The only other exception urged is one relating to the exclusion of a question asked of a witness, as to whether the deceased had not stated “that he could do any one that he wanted to, and that nothing could be done to him, because he was supposed to be crazy.” The court, we think, properly excluded this, upon the ground that it was not said with reference to the defendant, nor had it any relation to him, but was a general remark at some time made by the deceased, and could have no bearing and effect as showing motive or ill will on the part of the deceased towards the defendant, which would evidence design upon the defendant’s life.

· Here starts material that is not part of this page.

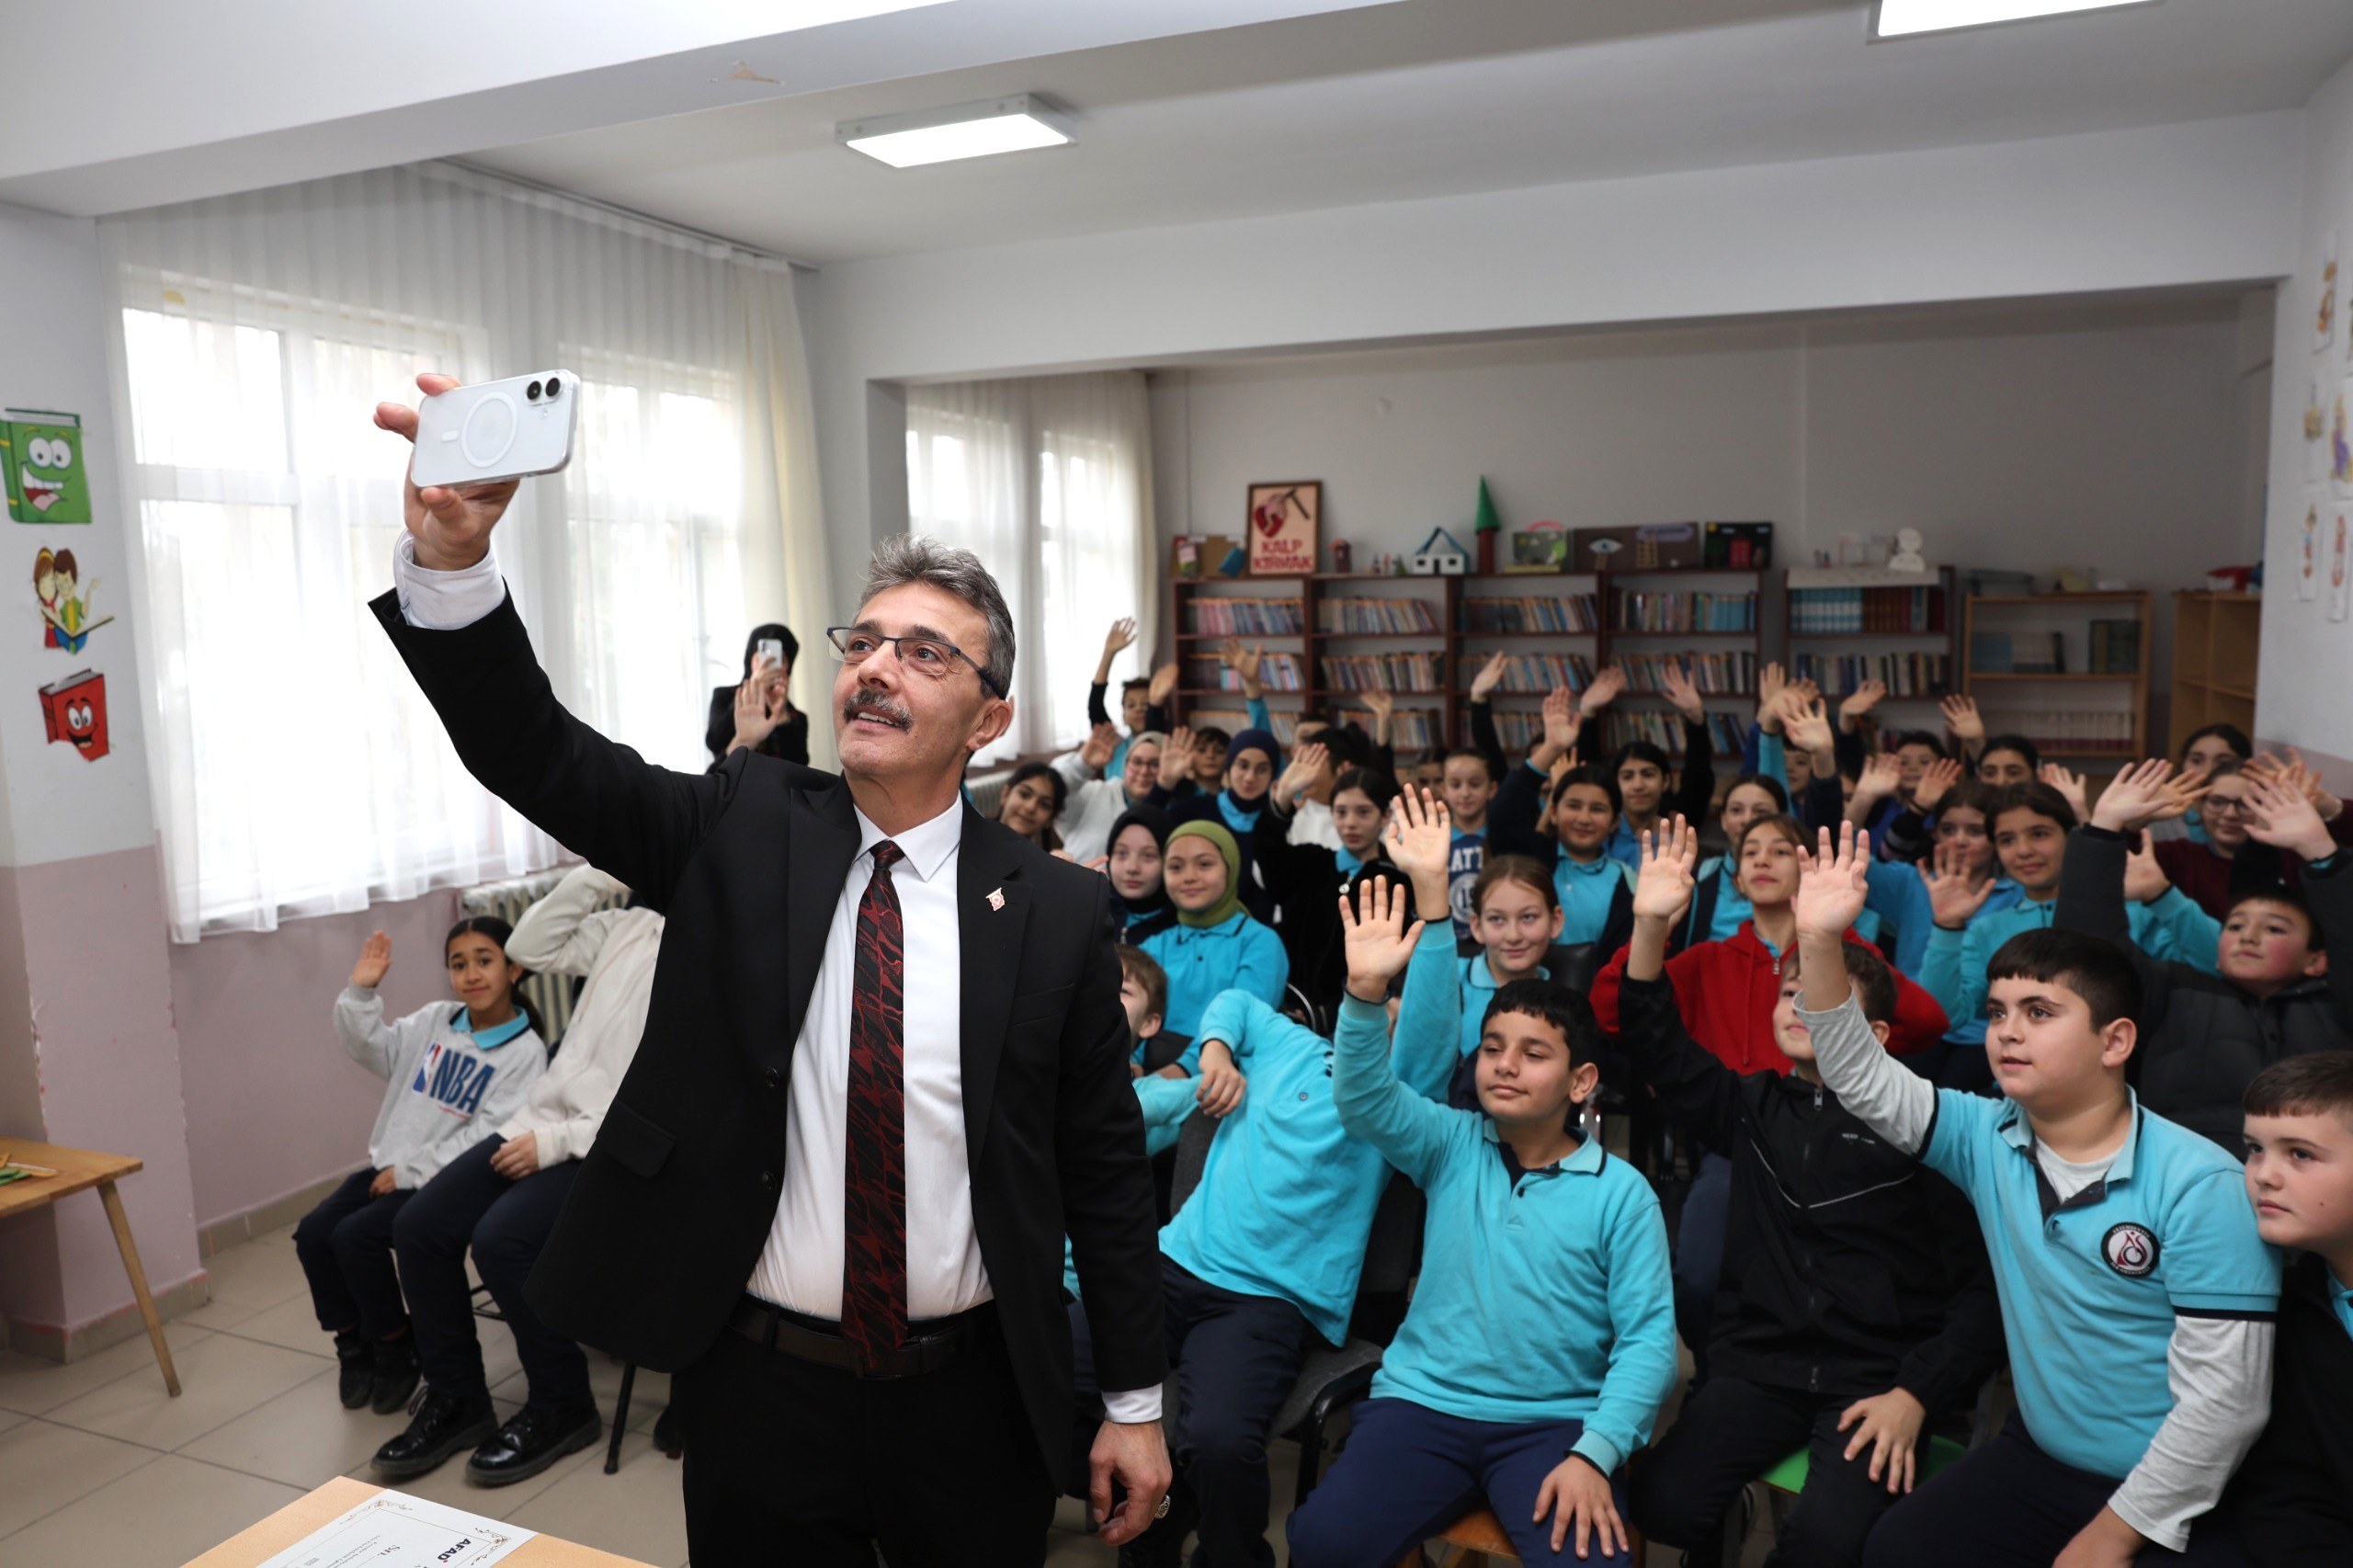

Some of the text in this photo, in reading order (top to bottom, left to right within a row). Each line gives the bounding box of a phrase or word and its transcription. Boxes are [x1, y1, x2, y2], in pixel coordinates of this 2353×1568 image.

We might, at greater length, have referred to the testimony, notably that presented by the defendant to establish the defense of justifiable homicide, but no useful purpose would be served thereby; it being sufficient to advert to so much of the evidence as disposes of the contention that it was only susceptible of a verdict of murder in the first degree, or of justifiable homicide. As shown, there was sufficient, upon the testimony adduced by the defendant’s witnesses, to justify the verdict of manslaughter in the first degree. Upon examining the record, we can find no good reason for disturbing such verdict, which is amply supported by competent evidence, rendered upon a trial in which every right to which the defendant was entitled was secured by a fair and impartial charge of .the trial judge, and by the application of correct principles to rulings upon the admission and rejection of evidence, and to the facts as proved. We are of opinion, therefore, that the judgment of conviction should be affirmed. All concur.